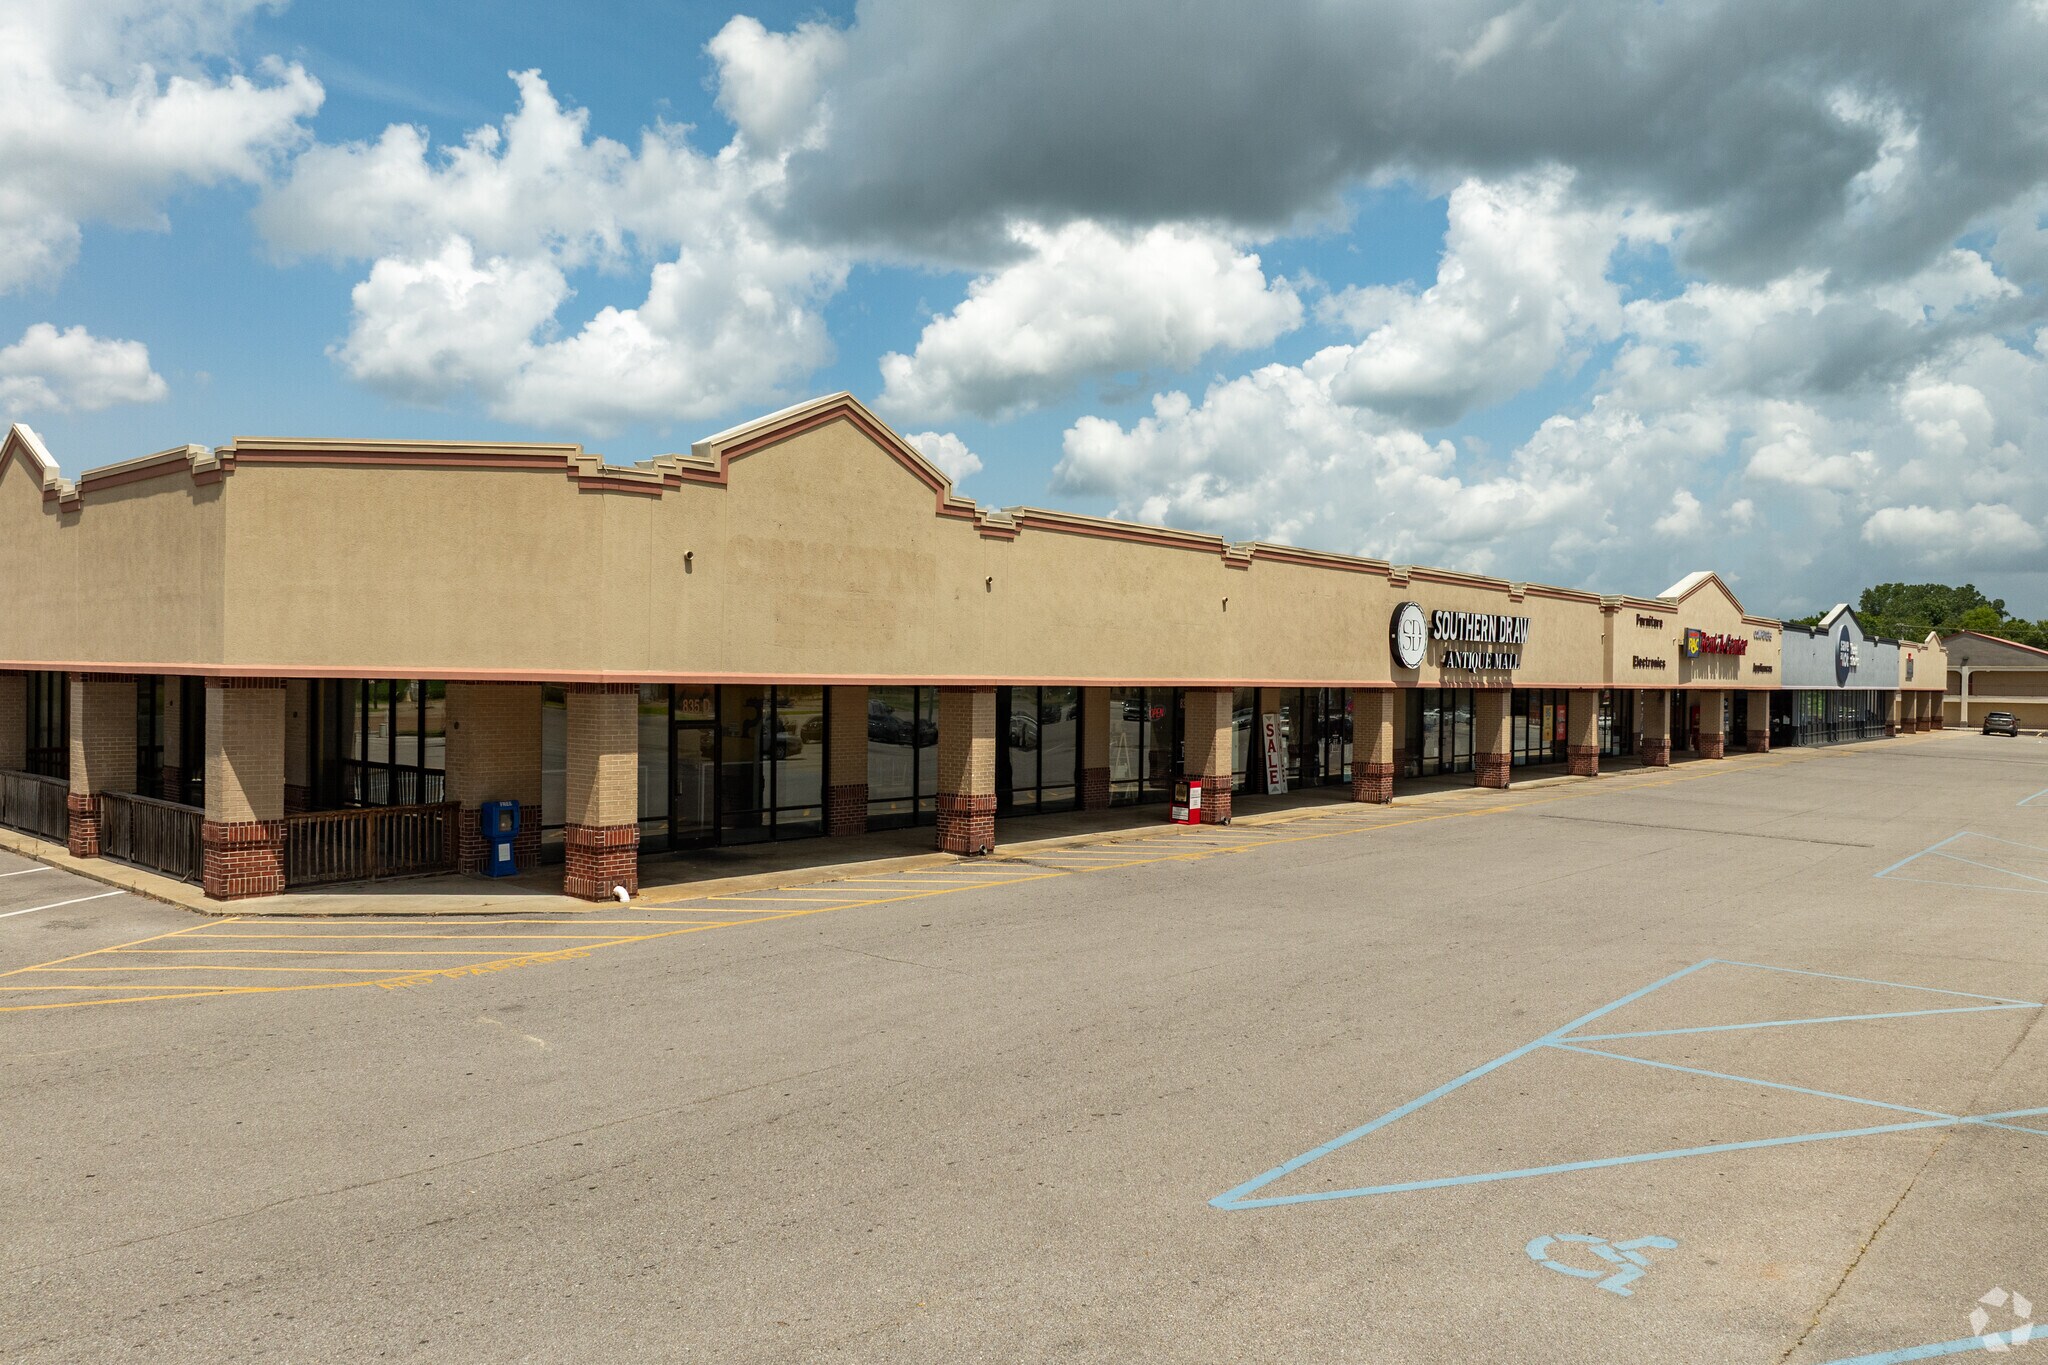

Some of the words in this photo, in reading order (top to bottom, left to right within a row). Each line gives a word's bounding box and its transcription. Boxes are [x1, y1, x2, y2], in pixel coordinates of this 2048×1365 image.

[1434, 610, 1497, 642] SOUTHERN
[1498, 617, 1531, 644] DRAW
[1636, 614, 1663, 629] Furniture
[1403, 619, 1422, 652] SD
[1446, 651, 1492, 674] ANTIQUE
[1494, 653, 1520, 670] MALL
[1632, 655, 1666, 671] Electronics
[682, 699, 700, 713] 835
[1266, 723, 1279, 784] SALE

========

Exercise prompt
Reproduce the data word for word without its images.

Response
Some of the words in this photo, in reading order (top to bottom, left to right within a row). Each line gives a word's bounding box and its transcription. Boxes are [x1, y1, x2, y2], in pixel coordinates of this 2048×1365 image.

[1434, 610, 1497, 642] SOUTHERN
[1498, 617, 1531, 644] DRAW
[1636, 614, 1663, 629] Furniture
[1403, 619, 1422, 652] SD
[1446, 651, 1492, 674] ANTIQUE
[1494, 653, 1520, 670] MALL
[1632, 655, 1666, 671] Electronics
[682, 699, 700, 713] 835
[1266, 723, 1279, 784] SALE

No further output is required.